# Critique my knuckleheads please.



## mycobraracr (Dec 4, 2011)

I would like for you guys to critique my two young dogs. This was our first attempts at stacking and they are not the best. I'm curious on the conformation aspect of these two. Thanks for your replies. 

Kimber vom True Haus 15 months


Ivisaruk River vom Lytle (Xander) 11 months


----------



## d4mmo (Mar 27, 2013)

Kimber
Nice lean young male, good bone, light pigment and color. good withers but has a dip right behind it. croup is short and tail is set up high but might just be the photo. short forechest and upper arm. needs more angulation on the front but the rear seems good. pastens and hocks both seem very firm.

Ivisaruk
Nice expressive male, good withers, excellent top line, good croup. ok forechest and front angulation. good rear angulation 


Both beautiful dogs


----------



## mycobraracr (Dec 4, 2011)

Thanks for the reply


----------



## osito23 (Feb 17, 2014)

I can't critique other than to say they're both beautiful and I love Xander's coloring!
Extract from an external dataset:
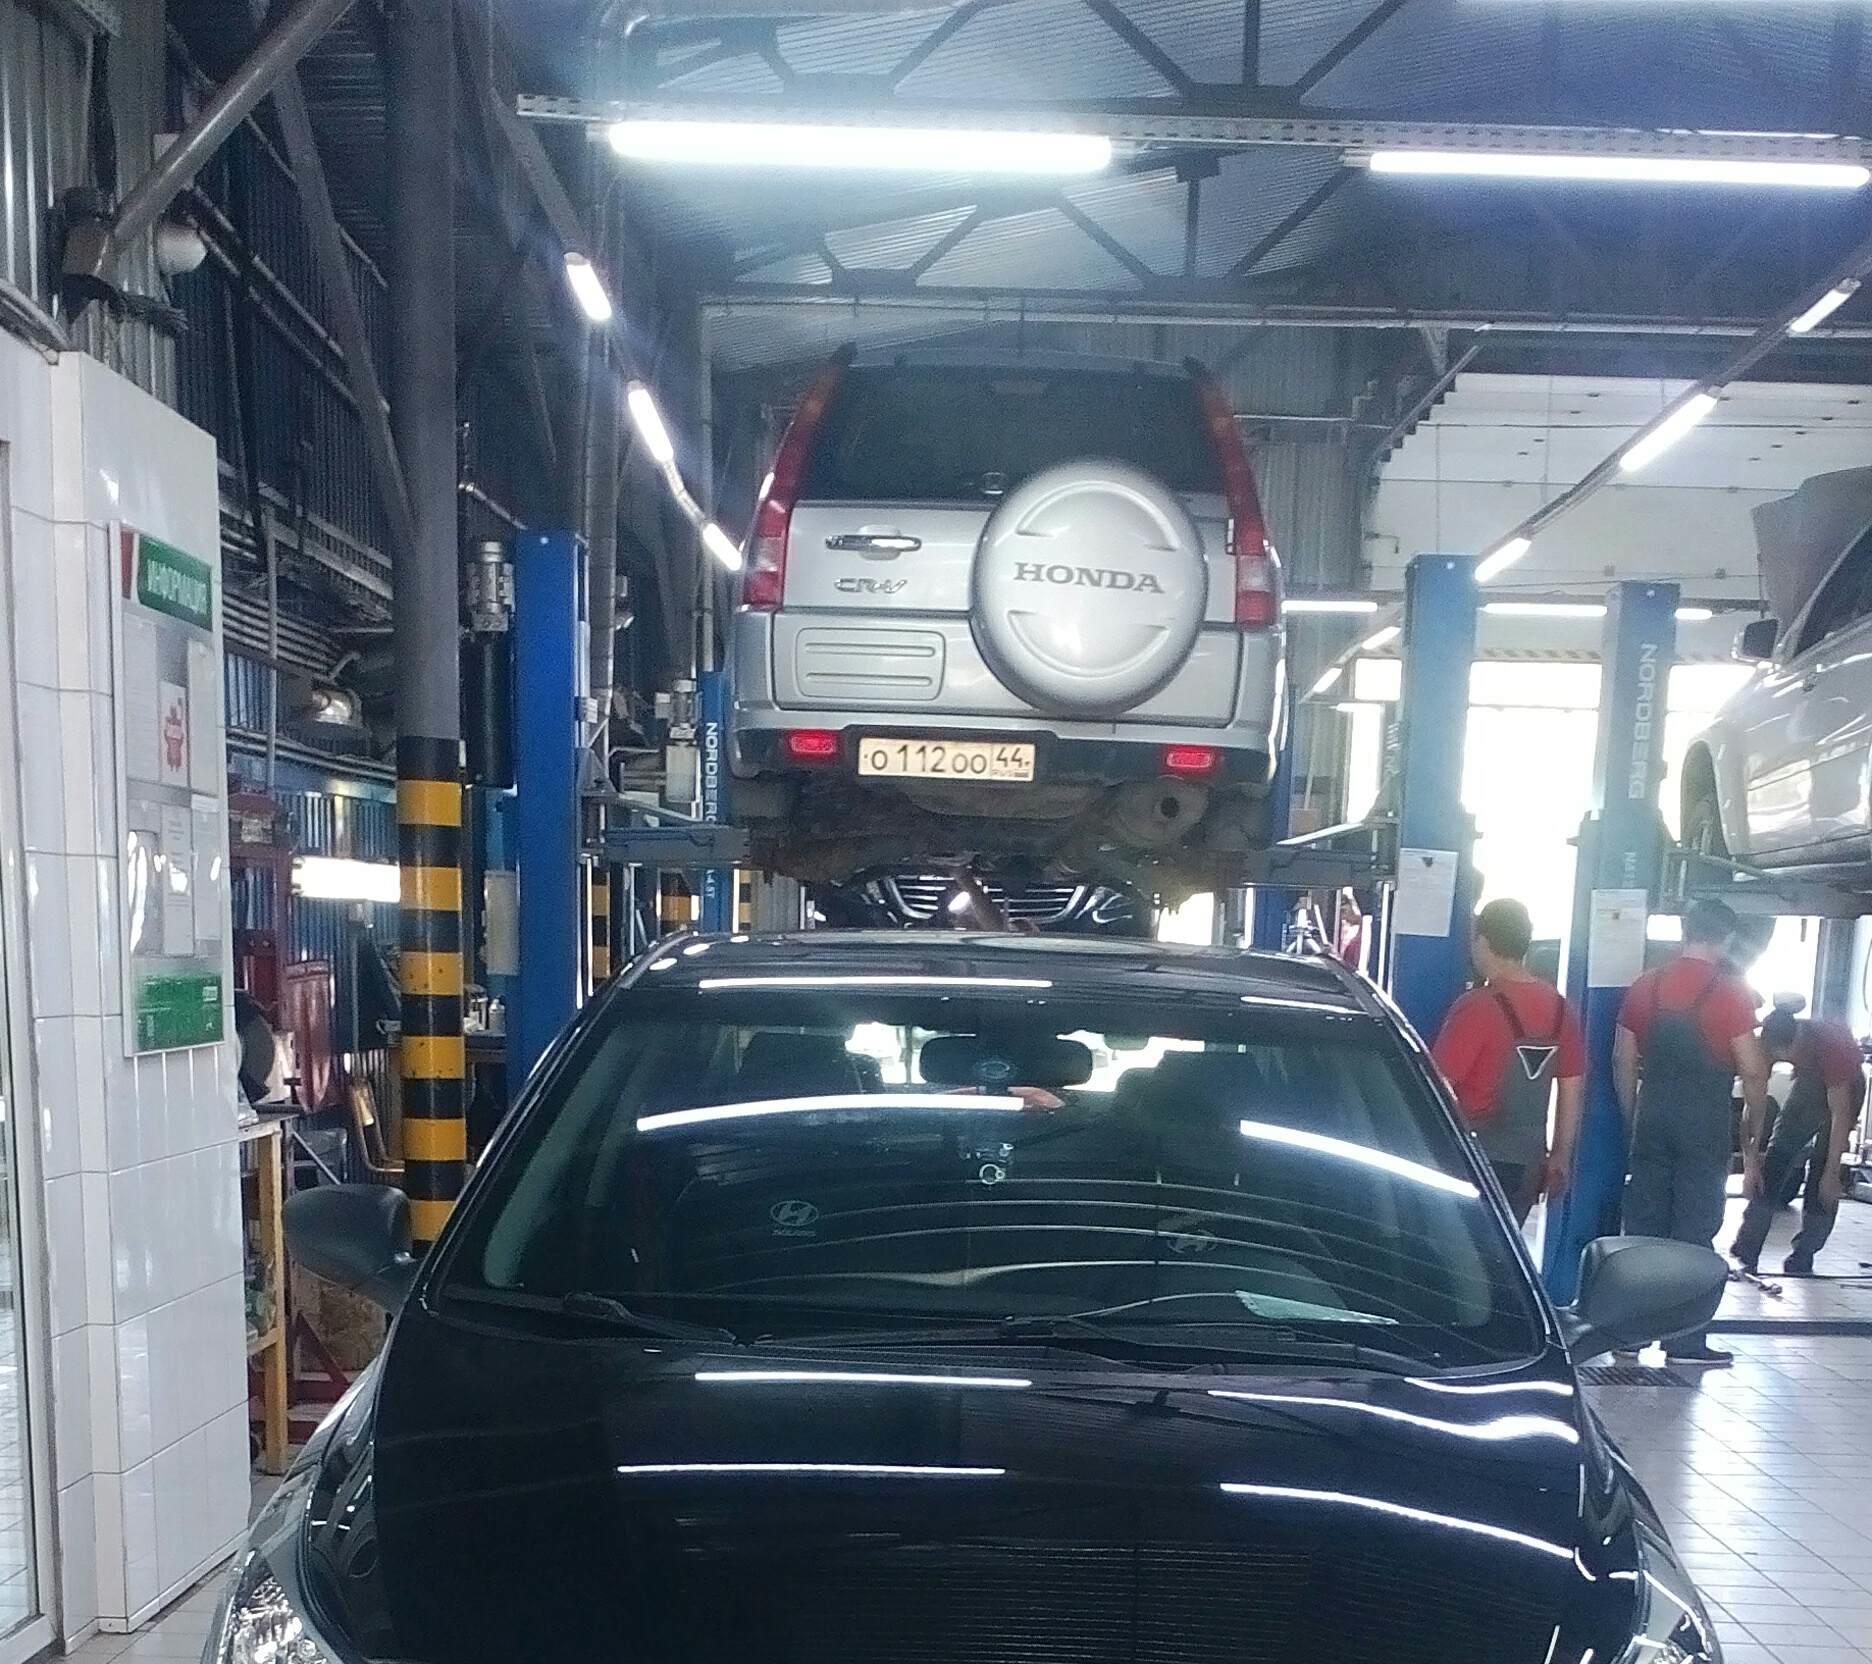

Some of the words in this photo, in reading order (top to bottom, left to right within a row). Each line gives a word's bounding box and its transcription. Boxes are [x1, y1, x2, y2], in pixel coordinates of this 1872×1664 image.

[1012, 561, 1166, 594] HONDA
[1628, 642, 1658, 800] NORDBERG
[996, 746, 1023, 768] 44
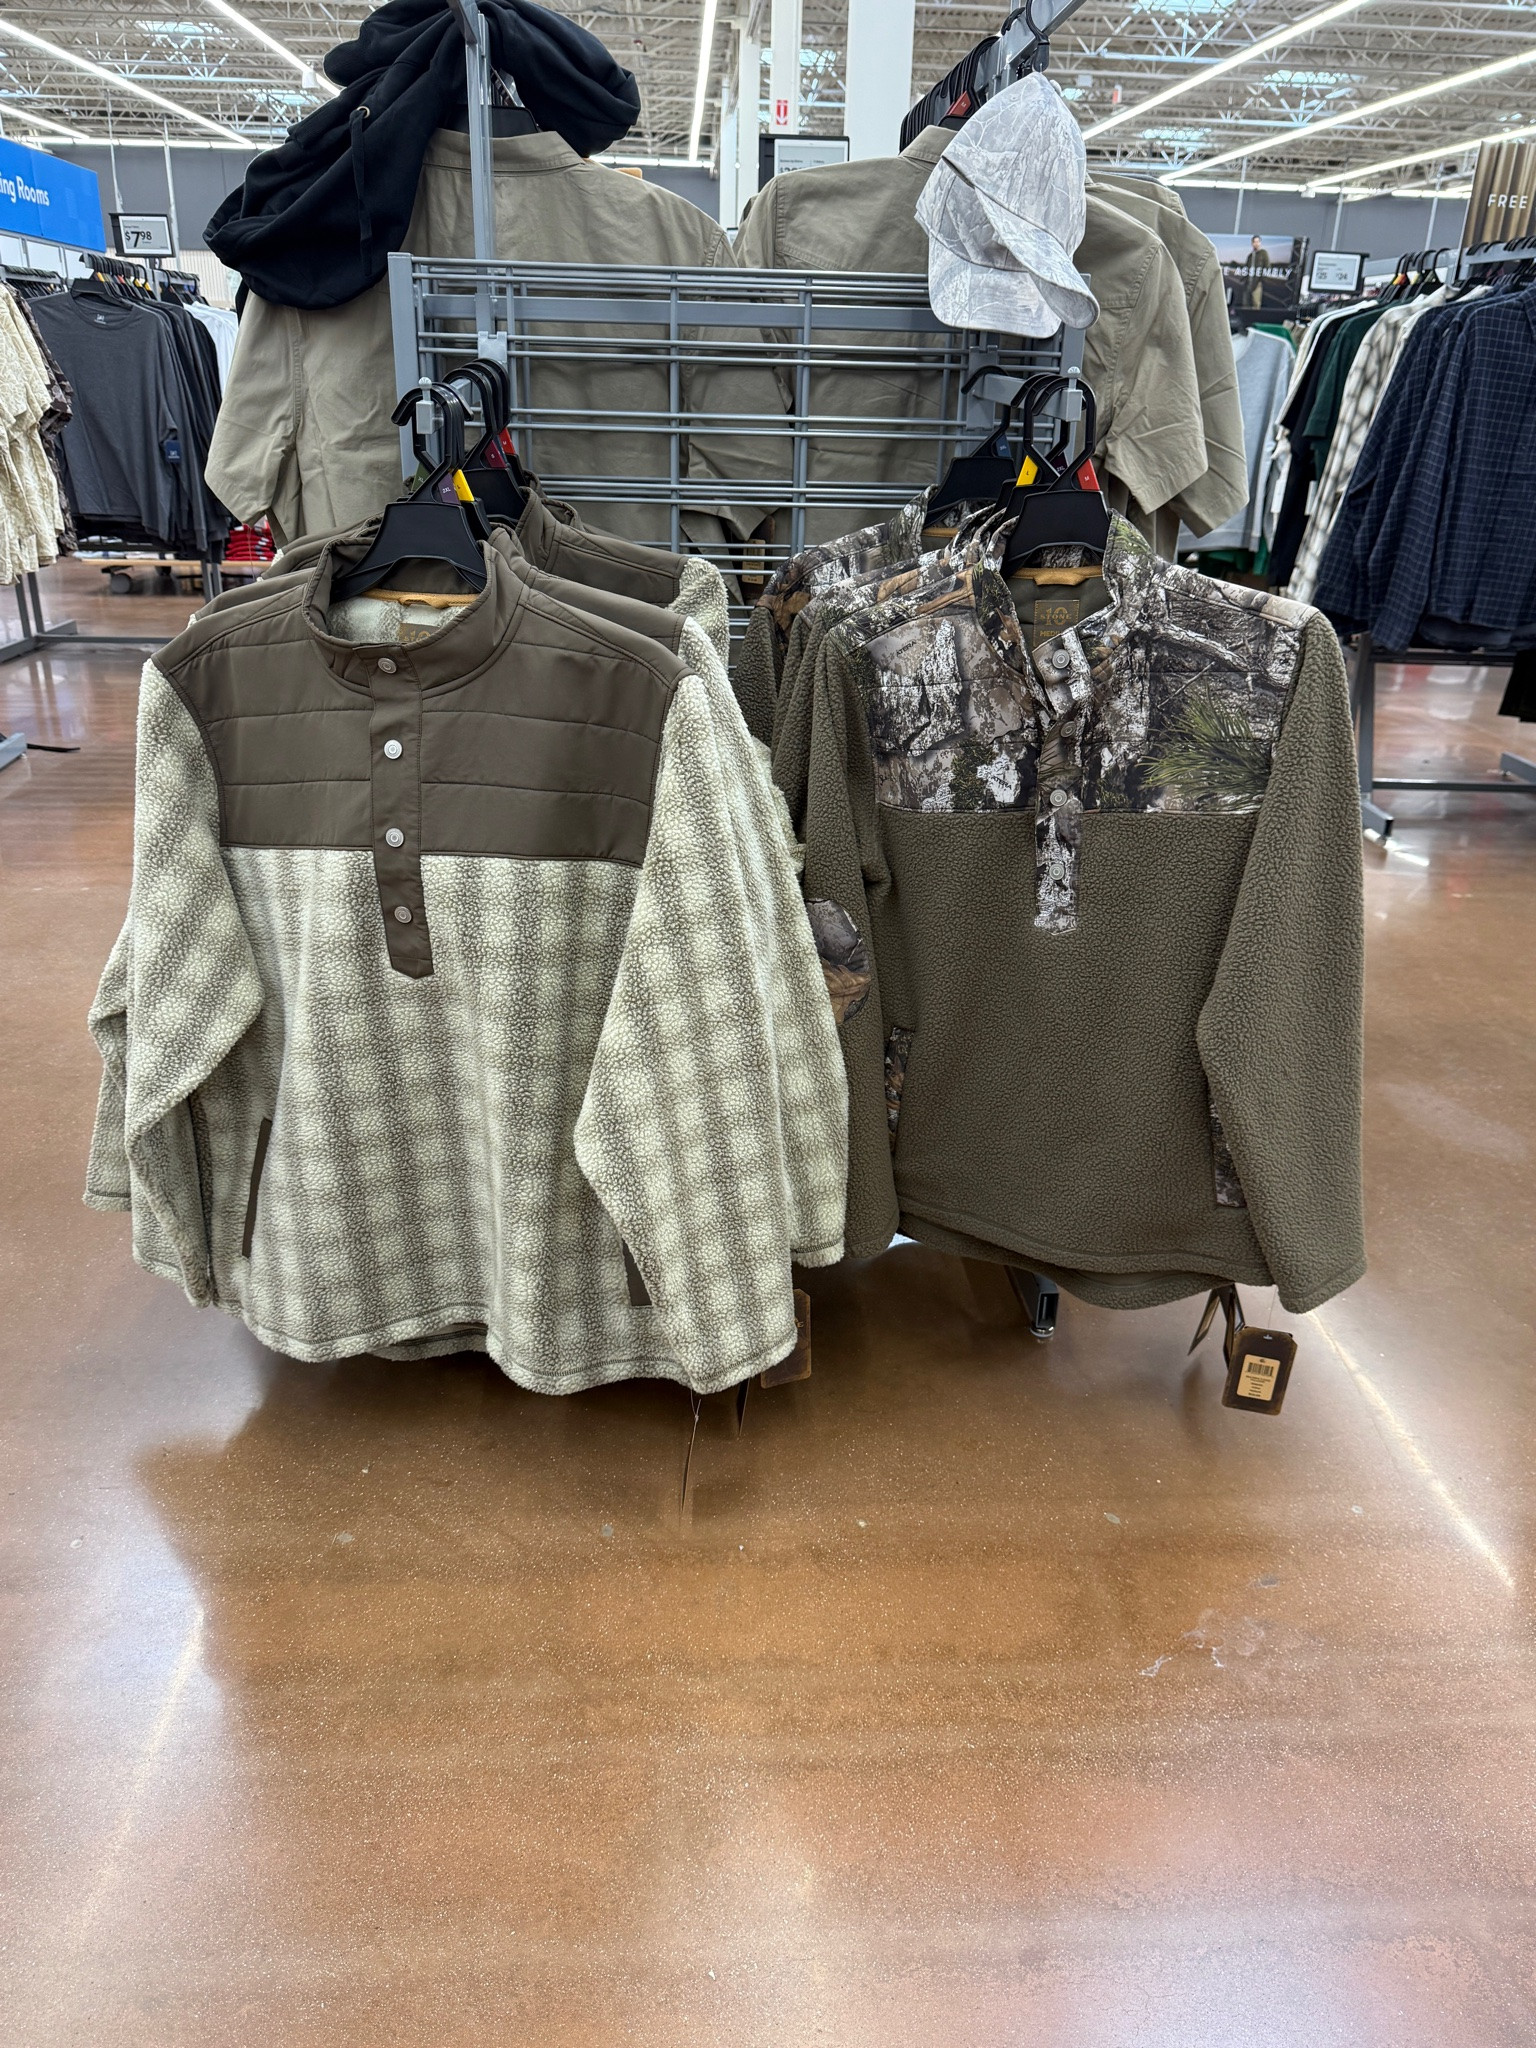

Bumping so others can see this


----------



## mycobraracr (Dec 4, 2011)

osito23 said:


> I can't critique other than to say they're both beautiful and I love Xander's coloring! Bumping so others can see this


Thanks


----------



## canada.k9 (Jan 7, 2015)

Can I just say- IM IN FREAKING LOVE.
WL if im correct? Czech? Straight backs <3
Love them.


----------



## mycobraracr (Dec 4, 2011)

Thank you! 
Kimber is WGWL. Kimber vom True Haus

Xander is WGWL with some Czech mixed in. 
Ivisaruk River vom Lytle


----------



## robk (Jun 16, 2011)

I Love this guys coloring.


----------



## mycobraracr (Dec 4, 2011)

robk said:


> I Love this guys coloring.



Thanks! I do too. It's very unique and the first thing people comment on.


----------